23% of respondents pointed to something less structural but just as limiting: outdated attitudes and assumptions. When someone becomes a parent, there’s often a quiet — and sometimes unconscious — shift in how their commitment is perceived. In our coaching work we frequently see how this creates a double bind: parents are expected to be ‘always on’ to prove they’re still ambitious but often judged for doing so.
Yet when we asked what organisations are doing to support parents, the gap between intention and action became clear. While 16% and 11% of participants said their firms offer enhanced maternity and paternity leave respectively, just 2% said they offer parental coaching — and only 3% provide training for line managers on how to support returning parents.
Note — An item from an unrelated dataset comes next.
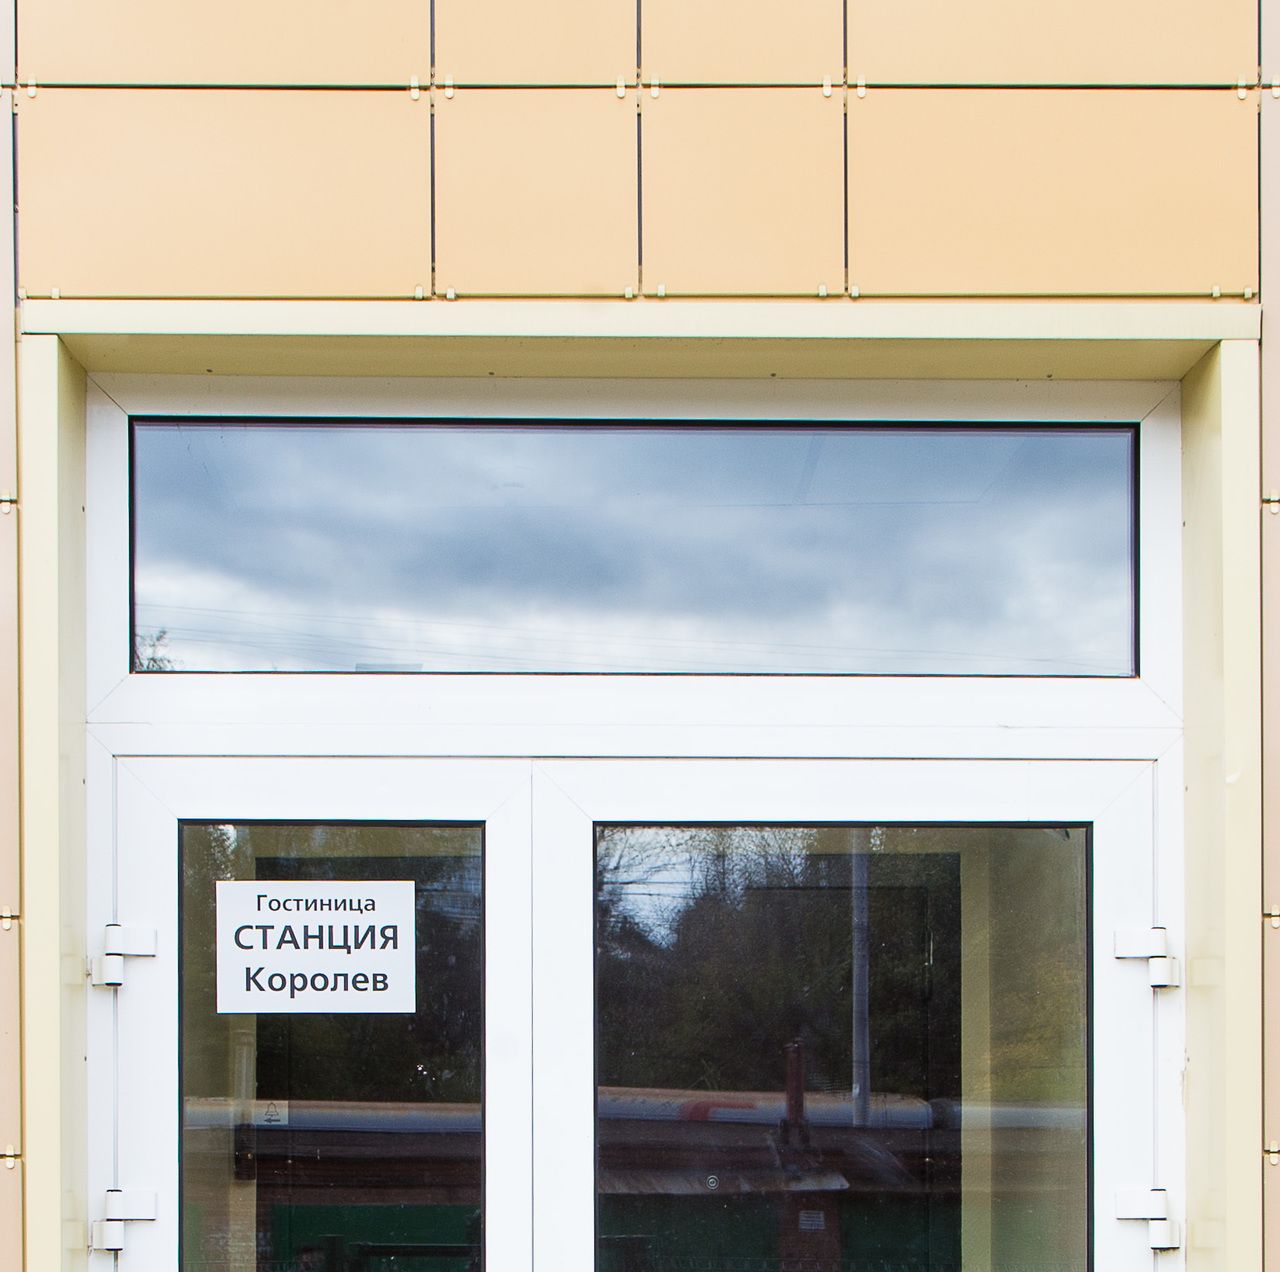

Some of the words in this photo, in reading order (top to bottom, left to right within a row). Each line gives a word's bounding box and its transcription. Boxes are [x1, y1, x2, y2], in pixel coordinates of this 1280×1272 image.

This matters. In our coaching work across financial and professional services, we consistently hear how pivotal that return to work phase is — for confidence, performance, and retention. Supportive line management, targeted coaching, and clear expectations can make all the difference. And yet, in insurance, many organisations are still working out where to start.
What stood out to us is how far the insurance industry still has to go compared to other areas of financial services. In legal, consulting and banking firms, structured parental support — including coaching and manager training — is becoming standard practice. Not just because it’s the right thing to do, but because it’s smart business. It improves retention. It supports gender balance. It helps create cultures where all talent can thrive. It signals that firms recognise the challenges (and joys!) of being a working parent and want to do what they can to support this population.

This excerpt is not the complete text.